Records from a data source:
+++++

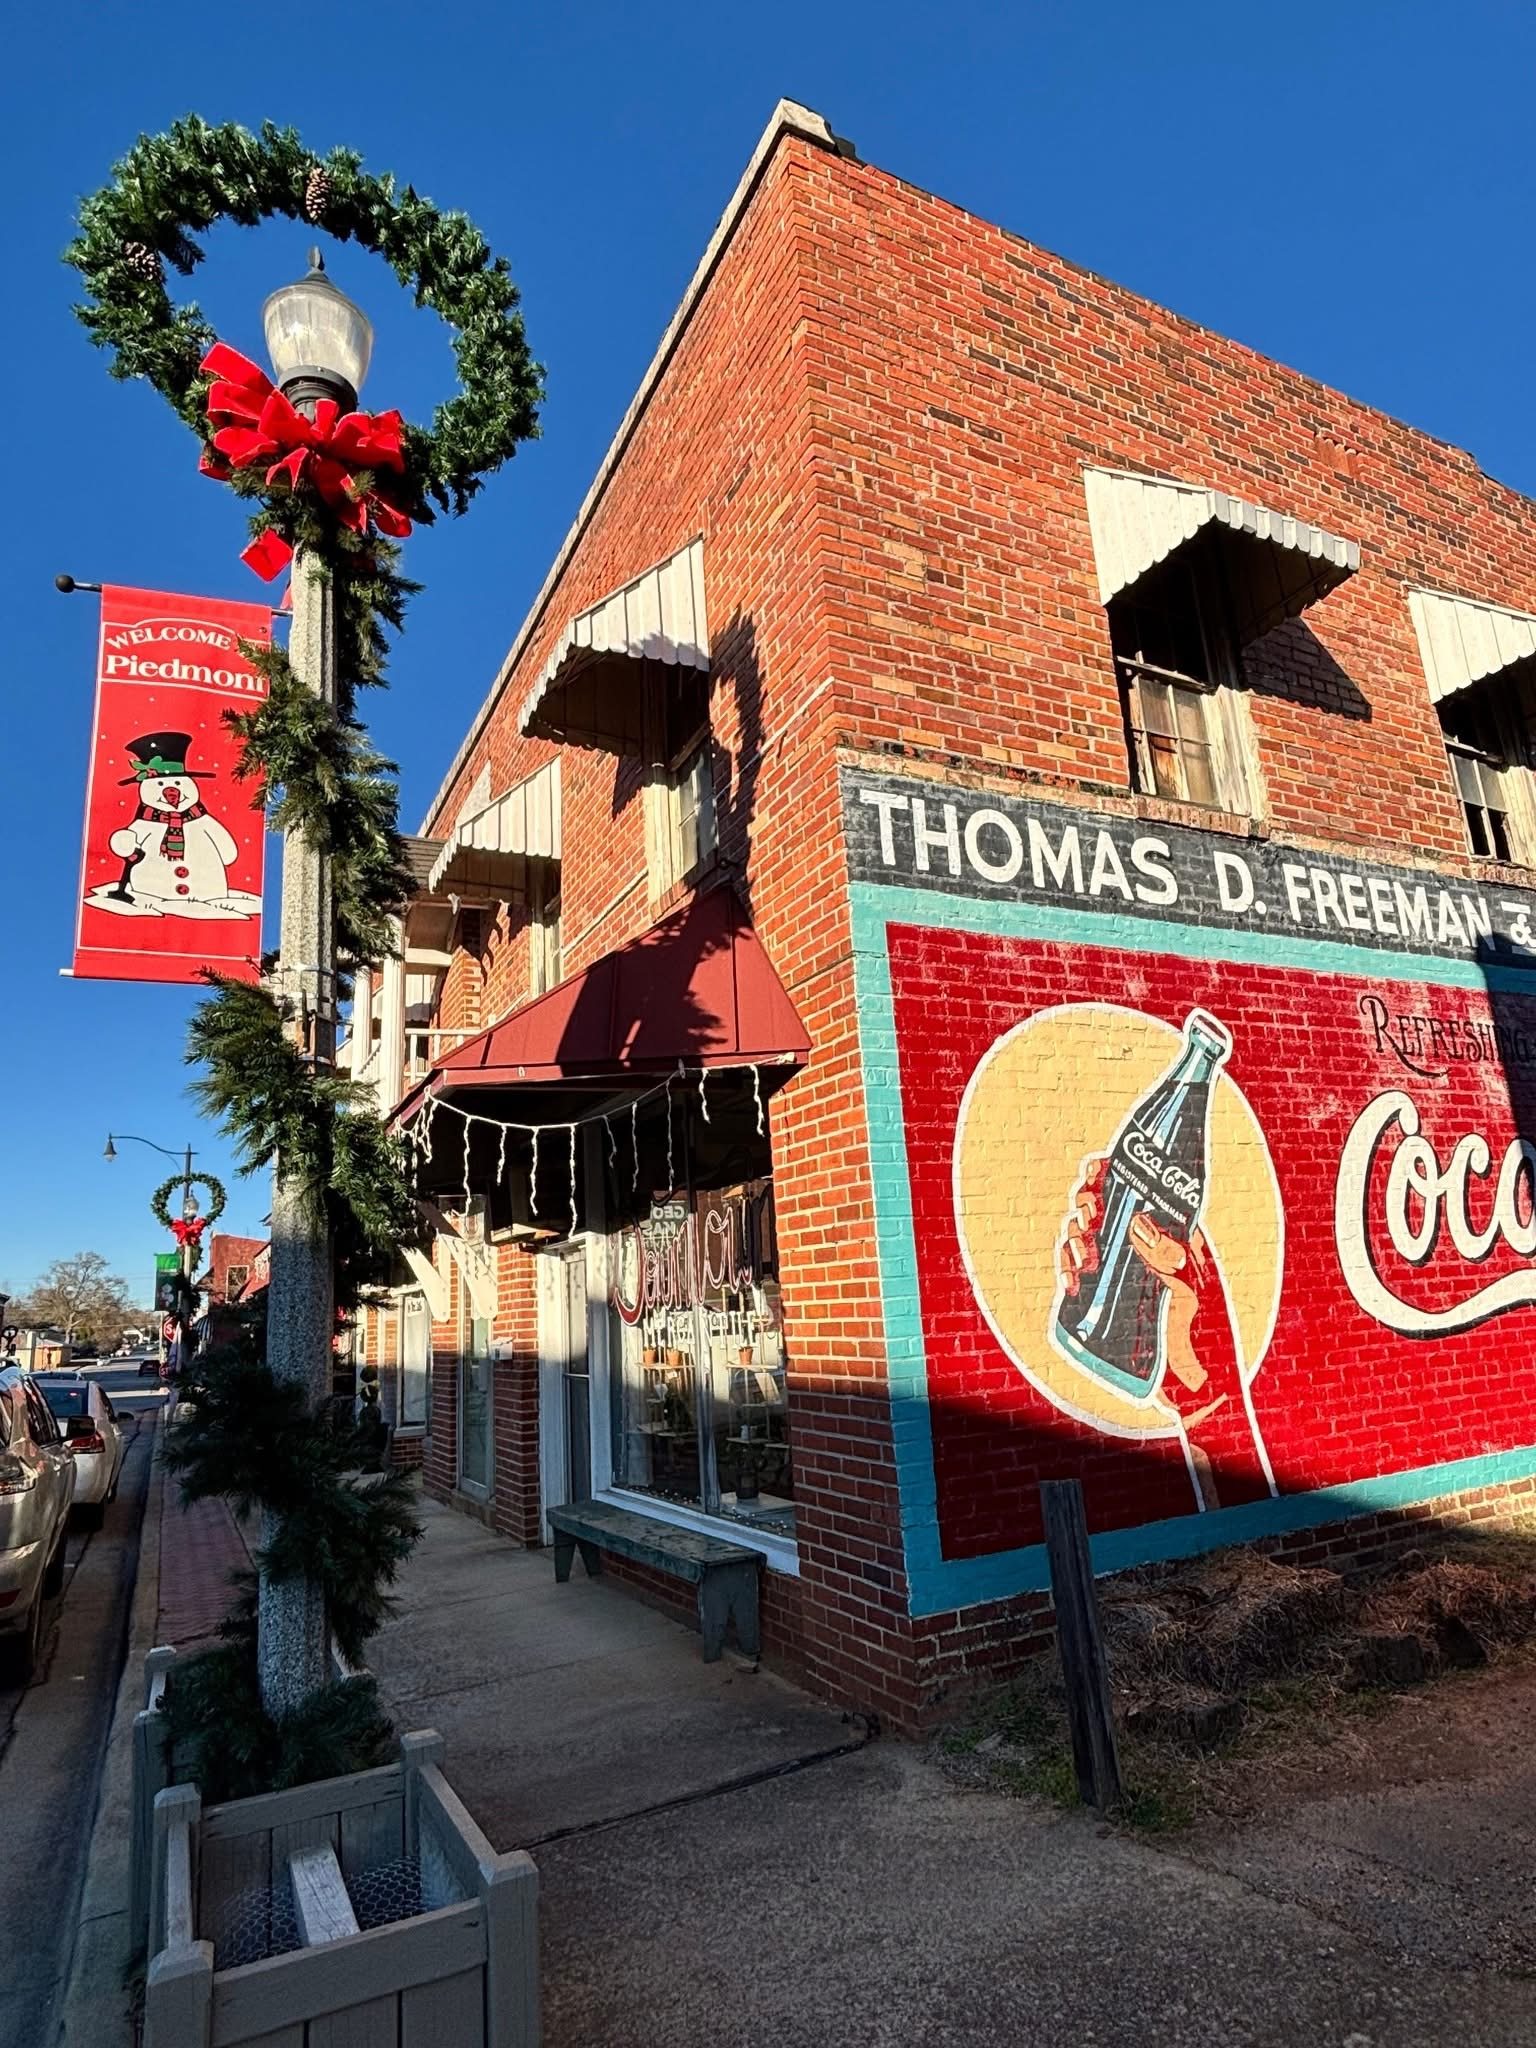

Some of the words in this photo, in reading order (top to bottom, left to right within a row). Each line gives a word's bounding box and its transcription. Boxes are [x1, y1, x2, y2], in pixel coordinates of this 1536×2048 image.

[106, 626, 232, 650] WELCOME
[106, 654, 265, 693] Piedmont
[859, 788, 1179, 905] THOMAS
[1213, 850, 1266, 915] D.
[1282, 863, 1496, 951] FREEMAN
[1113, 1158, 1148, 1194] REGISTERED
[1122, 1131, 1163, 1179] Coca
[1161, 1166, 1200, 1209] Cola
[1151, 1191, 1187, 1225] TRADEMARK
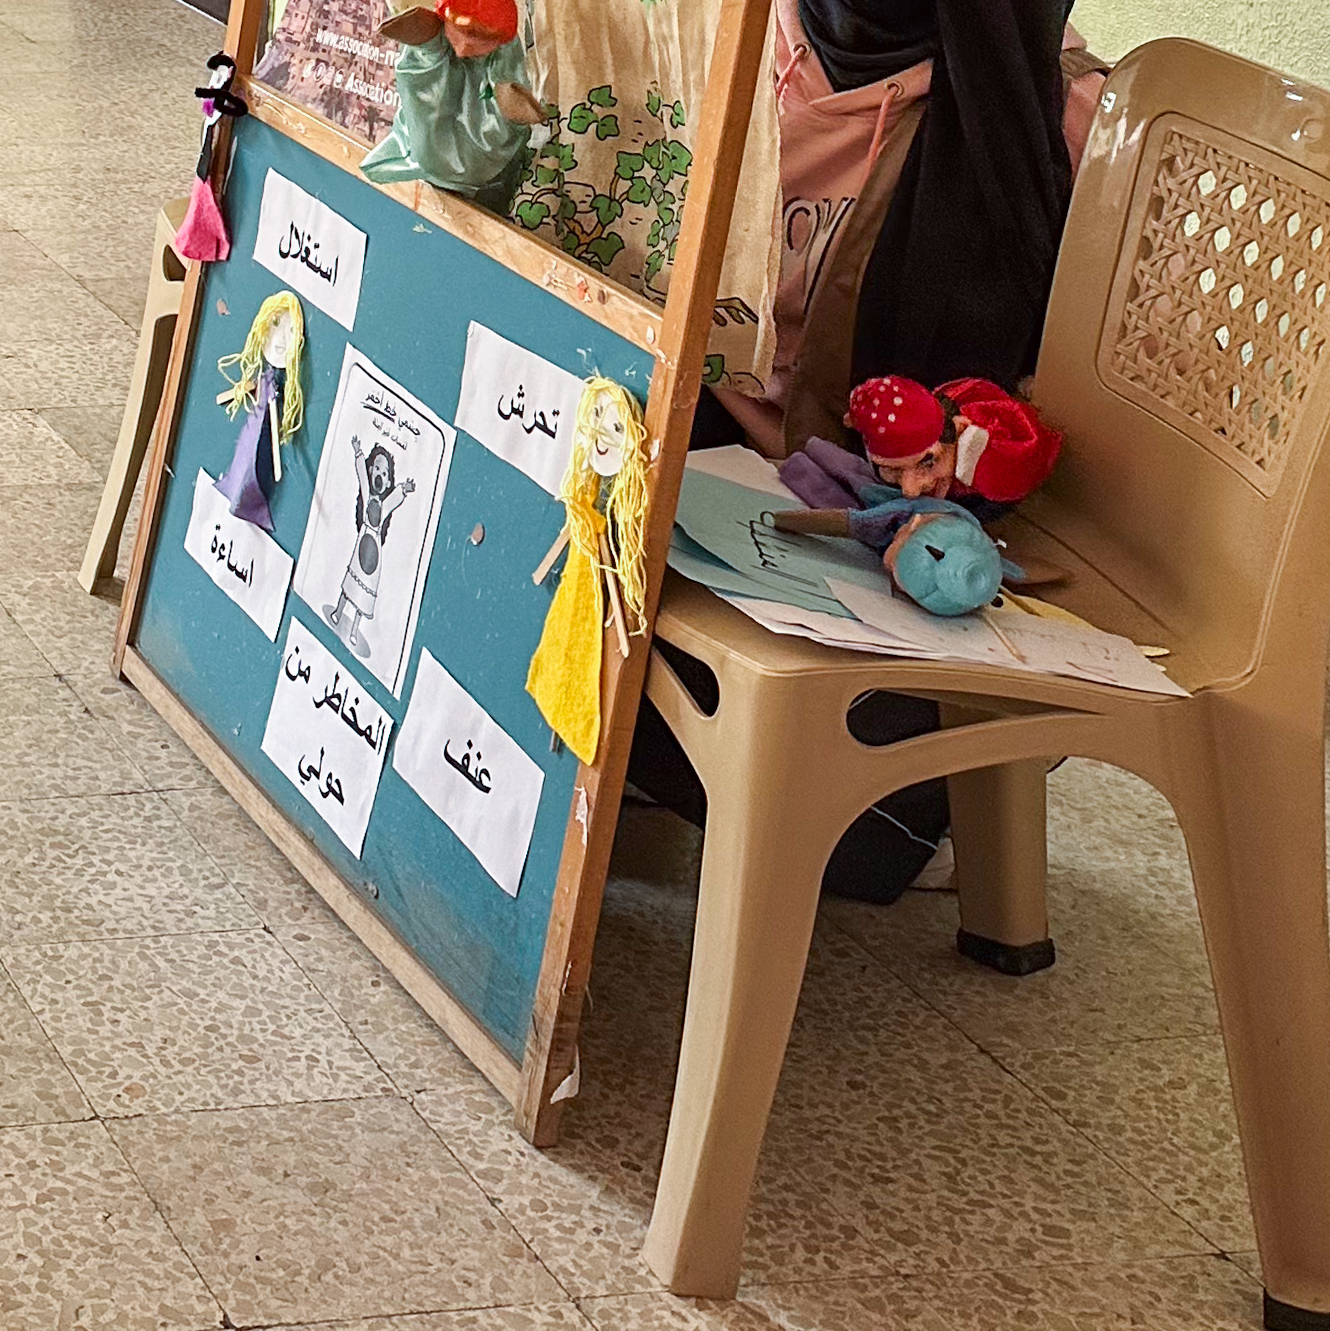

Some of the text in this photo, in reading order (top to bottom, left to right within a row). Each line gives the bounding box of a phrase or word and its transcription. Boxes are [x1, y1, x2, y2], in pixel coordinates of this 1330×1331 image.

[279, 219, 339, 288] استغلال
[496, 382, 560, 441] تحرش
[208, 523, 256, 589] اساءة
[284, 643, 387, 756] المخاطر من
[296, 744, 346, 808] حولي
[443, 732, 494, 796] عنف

+++++

Task description — Without the pictures, reproduce every record exactly as it appears above.

Response —
Some of the words in this photo, in reading order (top to bottom, left to right within a row). Each line gives a word's bounding box and its transcription. Boxes are [x1, y1, x2, y2], in pixel coordinates of this 1536×2048 image.

[106, 626, 232, 650] WELCOME
[106, 654, 265, 693] Piedmont
[859, 788, 1179, 905] THOMAS
[1213, 850, 1266, 915] D.
[1282, 863, 1496, 951] FREEMAN
[1113, 1158, 1148, 1194] REGISTERED
[1122, 1131, 1163, 1179] Coca
[1161, 1166, 1200, 1209] Cola
[1151, 1191, 1187, 1225] TRADEMARK

Some of the text in this photo, in reading order (top to bottom, left to right within a row). Each line gives the bounding box of a phrase or word and its transcription. Boxes are [x1, y1, x2, y2], in pixel coordinates of this 1330×1331 image.

[279, 219, 339, 288] استغلال
[496, 382, 560, 441] تحرش
[208, 523, 256, 589] اساءة
[284, 643, 387, 756] المخاطر من
[296, 744, 346, 808] حولي
[443, 732, 494, 796] عنف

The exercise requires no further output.